**Problem description:**
Although the entries contain pictures, the copy should hold only their exact text.

********

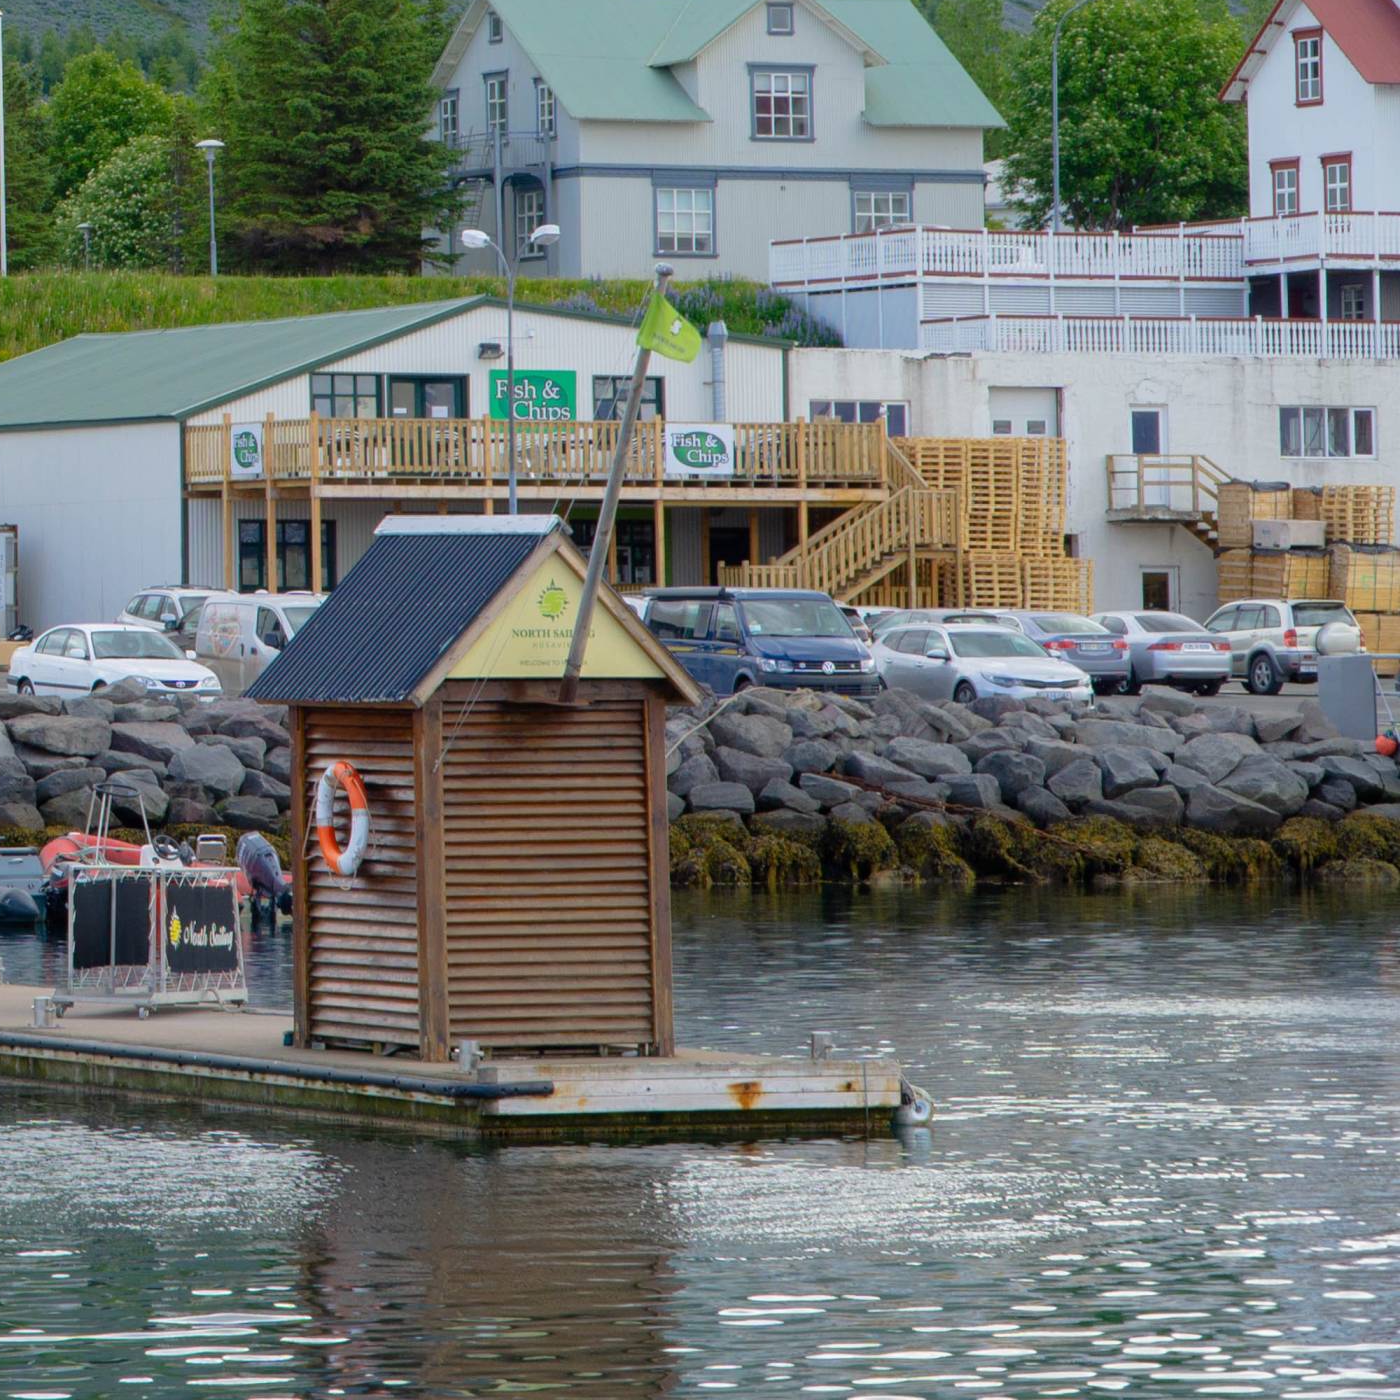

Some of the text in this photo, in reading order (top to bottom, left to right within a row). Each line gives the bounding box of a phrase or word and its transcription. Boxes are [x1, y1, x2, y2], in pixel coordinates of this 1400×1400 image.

[495, 379, 561, 399] Fsh &
[512, 400, 571, 420] Chips
[671, 433, 719, 448] Fish &
[687, 449, 729, 467] Chips
[512, 629, 596, 638] NORTH SAILG

********

**Solution to the exercise:**
Some of the text in this photo, in reading order (top to bottom, left to right within a row). Each line gives the bounding box of a phrase or word and its transcription. Boxes are [x1, y1, x2, y2], in pixel coordinates of this 1400×1400 image.

[495, 379, 561, 399] Fsh &
[512, 400, 571, 420] Chips
[671, 433, 719, 448] Fish &
[687, 449, 729, 467] Chips
[512, 629, 596, 638] NORTH SAILG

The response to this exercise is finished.